PyTorch Implementation of ByteDance's Cross-speaker Emotion Transfer Based on Speaker Condition Layer Normalization and Semi-Supervised Training in Text-To-Speech

Overview

Cross-Speaker-Emotion-Transfer - PyTorch Implementation

PyTorch Implementation of ByteDance's Cross-speaker Emotion Transfer Based on Speaker Condition Layer Normalization and Semi-Supervised Training in Text-To-Speech.

Quickstart

DATASET refers to the names of datasets such as RAVDESS in the following documents.

Dependencies

You can install the Python dependencies with

pip3 install -r requirements.txt

Also, install fairseq (official document, github) to utilize LConvBlock. Please check here to resolve any issue on installing it. Note that Dockerfile is provided for Docker users, but you have to install fairseq manually.

Inference

You have to download the pretrained models and put them in output/ckpt/DATASET/.

To extract soft emotion tokens from a reference audio, run

python3 synthesize.py --text "YOUR_DESIRED_TEXT" --speaker_id SPEAKER_ID --ref_audio REF_AUDIO_PATH --restore_step RESTORE_STEP --mode single --dataset DATASET

Or, to use hard emotion tokens from an emotion id, run

python3 synthesize.py --text "YOUR_DESIRED_TEXT" --speaker_id SPEAKER_ID --emotion_id EMOTION_ID --restore_step RESTORE_STEP --mode single --dataset DATASET

The dictionary of learned speakers can be found at preprocessed_data/DATASET/speakers.json, and the generated utterances will be put in output/result/.

Batch Inference

Batch inference is also supported, try

python3 synthesize.py --source preprocessed_data/DATASET/val.txt --restore_step RESTORE_STEP --mode batch --dataset DATASET

to synthesize all utterances in preprocessed_data/DATASET/val.txt. Please note that only the hard emotion tokens from a given emotion id are supported in this mode.

Training

Datasets

The supported datasets are

  • RAVDESS: This portion of the RAVDESS contains 1440 files: 60 trials per actor x 24 actors = 1440. The RAVDESS contains 24 professional actors (12 female, 12 male), vocalizing two lexically-matched statements in a neutral North American accent. Speech emotions includes calm, happy, sad, angry, fearful, surprise, and disgust expressions. Each expression is produced at two levels of emotional intensity (normal, strong), with an additional neutral expression.

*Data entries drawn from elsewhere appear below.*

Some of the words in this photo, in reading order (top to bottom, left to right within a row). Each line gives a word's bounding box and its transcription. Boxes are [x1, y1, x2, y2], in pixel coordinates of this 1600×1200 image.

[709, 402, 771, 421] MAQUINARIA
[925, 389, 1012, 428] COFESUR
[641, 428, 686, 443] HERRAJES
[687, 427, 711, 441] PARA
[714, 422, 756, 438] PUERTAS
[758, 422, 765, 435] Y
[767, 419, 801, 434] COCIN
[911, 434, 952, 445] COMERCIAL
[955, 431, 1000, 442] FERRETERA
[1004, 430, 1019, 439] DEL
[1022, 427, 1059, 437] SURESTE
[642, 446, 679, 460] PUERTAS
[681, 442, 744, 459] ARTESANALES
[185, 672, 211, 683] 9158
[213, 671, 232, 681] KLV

Your own language and dataset can be adapted following here.

Preprocessing

  • For a multi-speaker TTS with external speaker embedder, download ResCNN Softmax+Triplet pretrained model of philipperemy's DeepSpeaker for the speaker embedding and locate it in ./deepspeaker/pretrained_models/.

  • Run

    python3 prepare_align.py --dataset DATASET
    

    for some preparations.

    For the forced alignment, Montreal Forced Aligner (MFA) is used to obtain the alignments between the utterances and the phoneme sequences. Pre-extracted alignments for the datasets are provided here. You have to unzip the files in preprocessed_data/DATASET/TextGrid/. Alternately, you can run the aligner by yourself.

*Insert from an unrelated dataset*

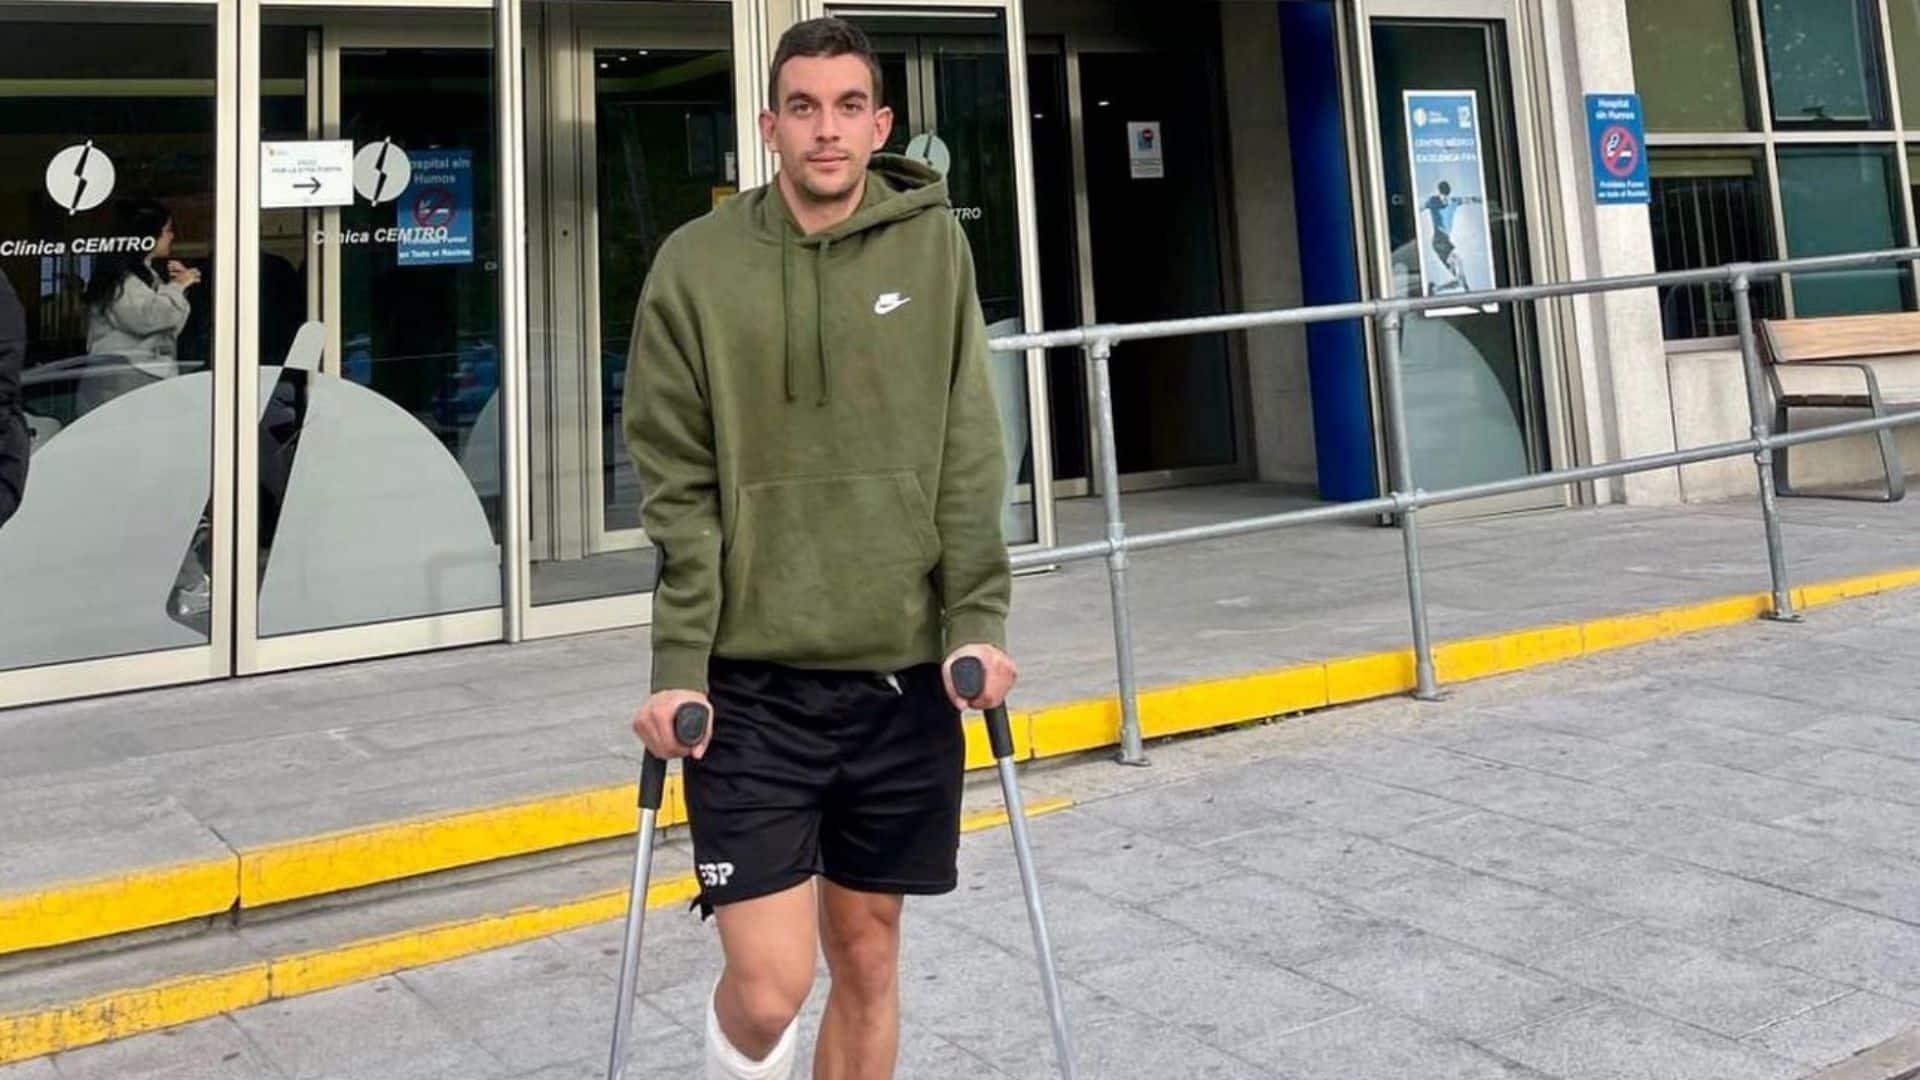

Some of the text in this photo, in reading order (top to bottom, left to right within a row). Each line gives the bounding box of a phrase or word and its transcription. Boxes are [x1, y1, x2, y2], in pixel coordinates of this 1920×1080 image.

[410, 157, 449, 170] ospital
[950, 207, 982, 220] TRO
[374, 226, 448, 243] CEMTRO
[0, 236, 156, 256] Clínica CEMTRO

    After that, run the preprocessing script by

    python3 preprocess.py --dataset DATASET
    

Training

Train your model with

python3 train.py --dataset DATASET

Useful options:

  • To use Automatic Mixed Precision, append --use_amp argument to the above command.
  • The trainer assumes single-node multi-GPU training. To use specific GPUs, specify CUDA_VISIBLE_DEVICES=<GPU_IDs> at the beginning of the above command.

TensorBoard

Use

tensorboard --logdir output/log

to serve TensorBoard on your localhost. The loss curves, synthesized mel-spectrograms, and audios are shown.

Notes

  • The current implementation is not trained in a semi-supervised way due to the small dataset size. But it can be easily activated by specifying target speakers and passing no emotion ID with no emotion classifier loss.
  • In Decoder, 15 X 1 LConv Block is used instead of 17 X 1 due to memory issues.
  • Two options for embedding for the multi-speaker TTS setting: training speaker embedder from scratch or using a pre-trained philipperemy's DeepSpeaker model (as STYLER did). You can toggle it by setting the config (between 'none' and 'DeepSpeaker').
  • DeepSpeaker on RAVDESS dataset shows clear identification among speakers. The following figure shows the T-SNE plot of extracted speaker embedding.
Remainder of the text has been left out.